Chatbot Launch
Late last year, the National Institute for Student Success (NISS) at Georgia State University was awarded a $7.6 million grant from the U.S. Department of Education’s Postsecondary Student Success Program to investigate how chatbots can enhance student outcomes in first-year math and English courses. The initiative, titled TEACH ME (Technology Enhanced Academic Communication Help in Math & English), will be implemented for both bachelor’s and associate level students at Georgia State, as well as partner institutions Morgan State University and the University of Central Florida. This project comes on the heels of earlier successes with the approach at GSU in Political Science and Economics courses. Researchers found that the academic chatbot significantly shifted students’ final grades; the tool increased the likelihood that students achieved a course grade of B or higher by 5-6 percentage points while also reducing the likelihood students dropped the course (Page et. al, 2023). An overwhelming majority (92%) of students in those courses indicated that they recommended the chatbot for continued use and even further expansion. This use of the tool in academic courses built on earlier successes with AI at GSU to help students complete administrative tasks, including the 2016 launch of the Pounce Admissions chatbot. The tool significantly reduced “summer melt”—a phenomenon where students accepted to college fail to enroll in fall classes.

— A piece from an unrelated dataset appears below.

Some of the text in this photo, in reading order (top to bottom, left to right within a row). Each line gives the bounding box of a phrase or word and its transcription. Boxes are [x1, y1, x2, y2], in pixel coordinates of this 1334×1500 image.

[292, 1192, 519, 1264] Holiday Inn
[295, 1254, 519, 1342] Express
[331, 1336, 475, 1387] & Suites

After several busy months of planning, the first randomized control trials (RCTs) in the TEACH ME study have launched in math courses across Georgia State University and the University of Central Florida. RCTs will be administered through 2027 that—with the help of researchers at Brown University, Harvard University, Stanford University, and the Brookings Institution—will measure the impact of academic chatbots across diverse student demographics and educational contexts.
Georgia State University launched chatbots in three gateway math courses critical for student success – Precalculus, Elementary Statistics, and Quantitative Reasoning. Across its Atlanta and Perimeter College Campuses, more than 1,000 students in 23 sections will participate in the study this fall alone. The University of Central Florida launched RCTs in Calculus with Analytic Geometry. At UCF, almost 1,500 students will be participating this fall across two lecture sections and 70 lab sections. Morgan State University will launch its first bot in 2025.
The grant will support the deployment of AI-enhanced chatbots designed to assist students by answering questions about course material, sending reminders for upcoming assignments, and offering encouragement and study tips. The broader goal is to demonstrate that integrating chatbots into critical academic courses can help students perform better not only in those courses but also in their subsequent academic endeavors. The hope is that by supporting students in gateway math and English courses, the chatbots will provide a scalable means to improve academic success in what are some of the first-year courses most critical to student progression and subsequently increase retention and graduation.